Text-to-region grounding data
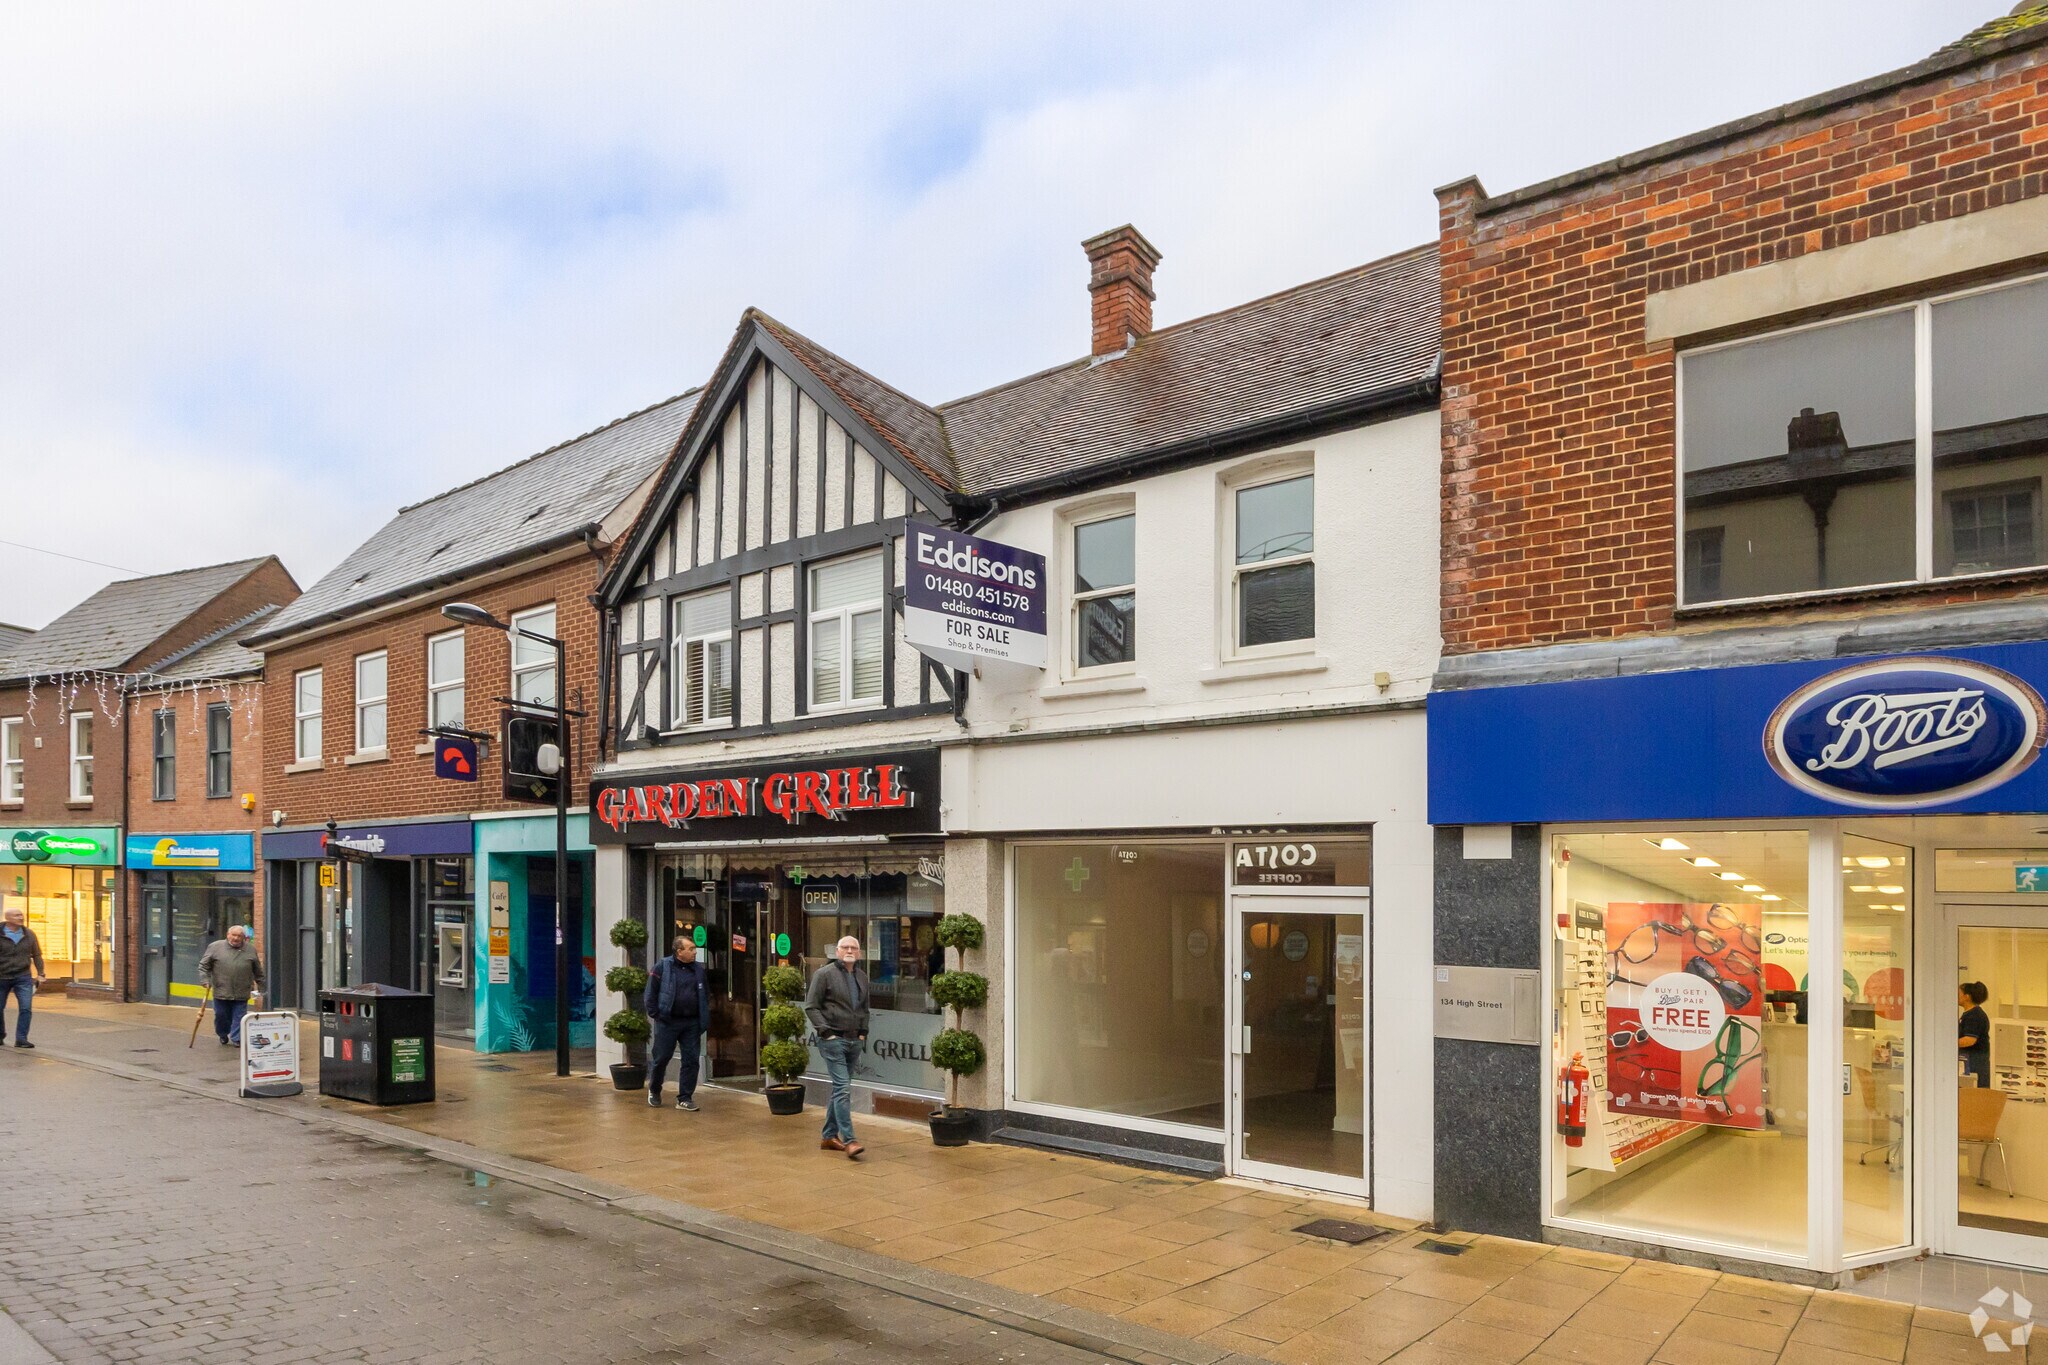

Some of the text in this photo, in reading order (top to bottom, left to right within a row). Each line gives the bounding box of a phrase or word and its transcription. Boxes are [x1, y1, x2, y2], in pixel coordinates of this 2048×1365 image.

[917, 531, 1036, 590] Eddisons
[925, 574, 973, 599] 01480
[941, 598, 1015, 625] eddisons.com
[946, 618, 1010, 645] FOR SALE
[947, 637, 1009, 658] Shop & Premises
[1806, 687, 1987, 772] Boots
[596, 764, 914, 834] GARDEN GRILL
[45, 839, 96, 850] Specsavers
[805, 891, 837, 905] OPEN
[1764, 946, 1784, 954] Let's
[1785, 947, 1805, 955] keep
[1657, 994, 1705, 1006] Boots PAIR
[1682, 988, 1701, 996] GET
[1440, 998, 1503, 1009] 134 High Street
[1653, 1007, 1710, 1028] FREE
[873, 1039, 932, 1062] GRILL
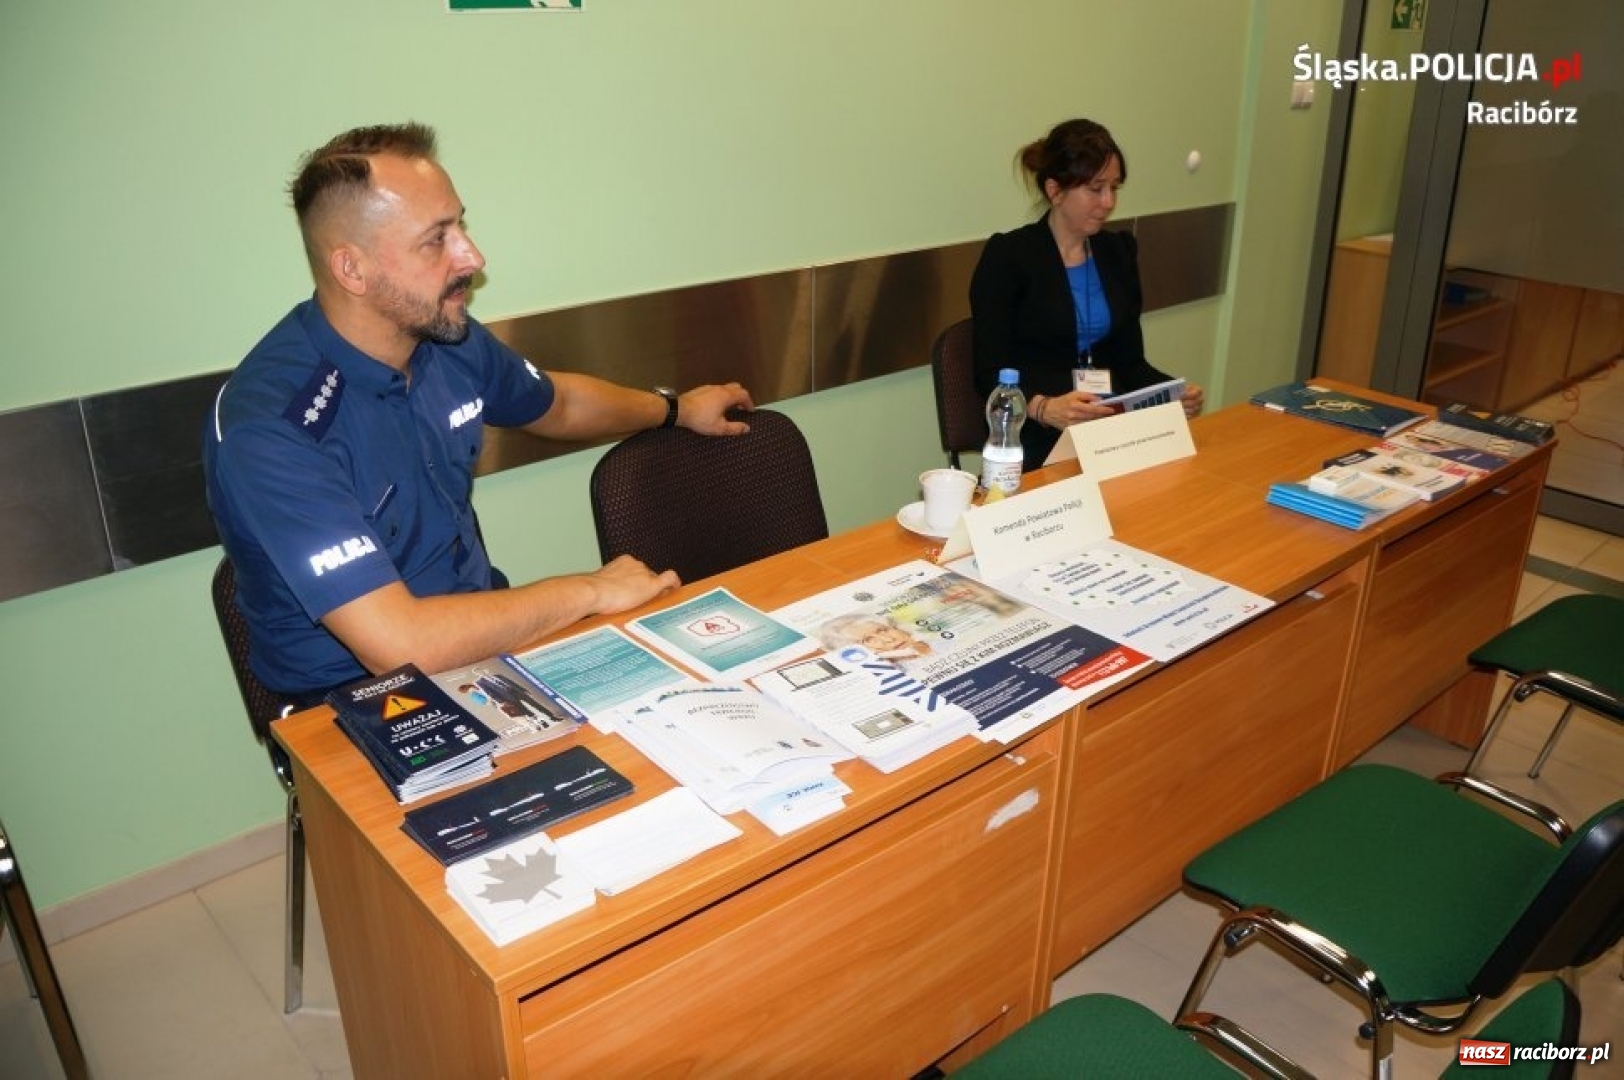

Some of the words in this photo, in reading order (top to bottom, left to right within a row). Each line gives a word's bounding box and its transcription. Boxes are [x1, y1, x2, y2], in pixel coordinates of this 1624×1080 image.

• What to work on: Leave images out of the retyped records; keep all else exact.

• Task answer:
Some of the text in this photo, in reading order (top to bottom, left to right within a row). Each line gives the bounding box of a phrase or word and its transcription. Boxes are [x1, y1, x2, y2], in pixel coordinates of this 2048×1365 image.

[917, 531, 1036, 590] Eddisons
[925, 574, 973, 599] 01480
[941, 598, 1015, 625] eddisons.com
[946, 618, 1010, 645] FOR SALE
[947, 637, 1009, 658] Shop & Premises
[1806, 687, 1987, 772] Boots
[596, 764, 914, 834] GARDEN GRILL
[45, 839, 96, 850] Specsavers
[805, 891, 837, 905] OPEN
[1764, 946, 1784, 954] Let's
[1785, 947, 1805, 955] keep
[1657, 994, 1705, 1006] Boots PAIR
[1682, 988, 1701, 996] GET
[1440, 998, 1503, 1009] 134 High Street
[1653, 1007, 1710, 1028] FREE
[873, 1039, 932, 1062] GRILL

Some of the words in this photo, in reading order (top to bottom, left to right within a row). Each line gives a word's bounding box and its transcription. Boxes are [x1, y1, x2, y2], in pixel coordinates of this 1624×1080 image.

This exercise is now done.